I've recently been on a kick of acquiring physical media again (heavy suspicion that once the streaming wars end, it's going to make a lot of things scarce) and seeing the recent Scream Factory blu-ray of Phantom of the Paradise was a no-hesitation must-purchase. The opening sequence, crisp blacks, popping colours, as the doo-wop lip sync rehearsal of "Goodbye, Eddie, Goodbye" (the first of many original, and diverse tracks written by Paul Williams, who also co-stars) plays...my pupils dilated and I sunk deeply into my seat, just ready to receive this film (sharing it with a friend who had never seen it before).
It's not an easy movie to describe.
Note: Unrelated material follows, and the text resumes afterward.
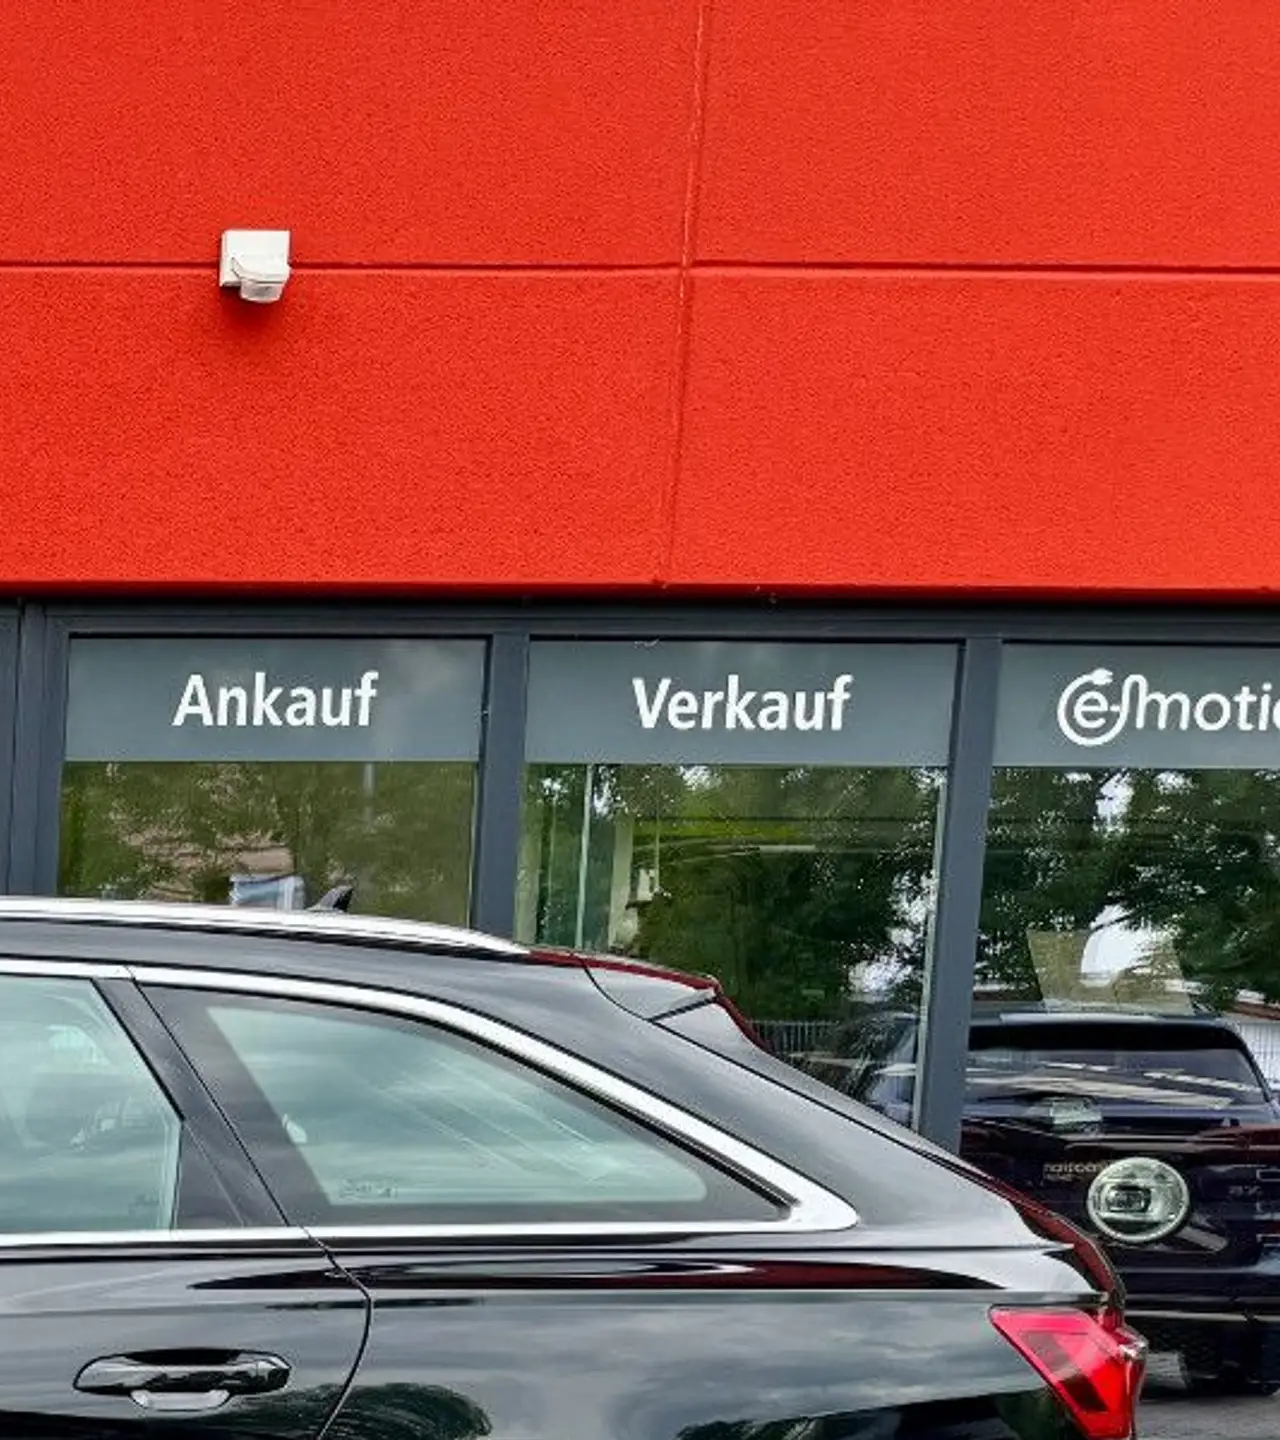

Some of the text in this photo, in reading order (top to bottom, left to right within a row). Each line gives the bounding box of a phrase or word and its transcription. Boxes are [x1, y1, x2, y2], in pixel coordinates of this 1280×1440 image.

[171, 671, 379, 727] Ankauf
[631, 673, 854, 731] Verkauf
[1056, 667, 1280, 746] e-moti
It's a horror-musical-satire about the music industry that blends the stories of Faust, Phantom of the Opera and even a little of Dorian Gray with the sensibilities of Kubrick's A Clockwork Orange, taking its lead character through a gruelling journey of identity.
The film has an astounding number of exceptionally well-composed scenes, just some flat-out striking imagery, chief among them an amazing split screen, De Palma-specialty, that is just ...radical. The imagery extends beyond just compositions, set pieces, and sets to costumes like Phantom's sleek black leathers and iconic, absurdly bird-like steel mask (and teeth) and Death Records' amazing dead raven logo. Paul Williams as a world-famous music producer, Swan, who strikes bargains in blood with his subjects is, despite his stature, appropriately intimidating and unsettling (it's all in how little he seems affected by happening around him). Jessica Harper plays the chanteuse that the Phantom has affection for (but not for anything sexual, it's her voice that can service his music that he wants) and Swan basically steals to mess with him.
It's a film unlike any other, an extremely dark rock opera, but with a levity that reveals itself more and more upon repeat viewings. It's a very playful film that warps itself in disarmingly unexpected ways. It won't be to everyone's tastes, but it's a film that rewards repeated attention.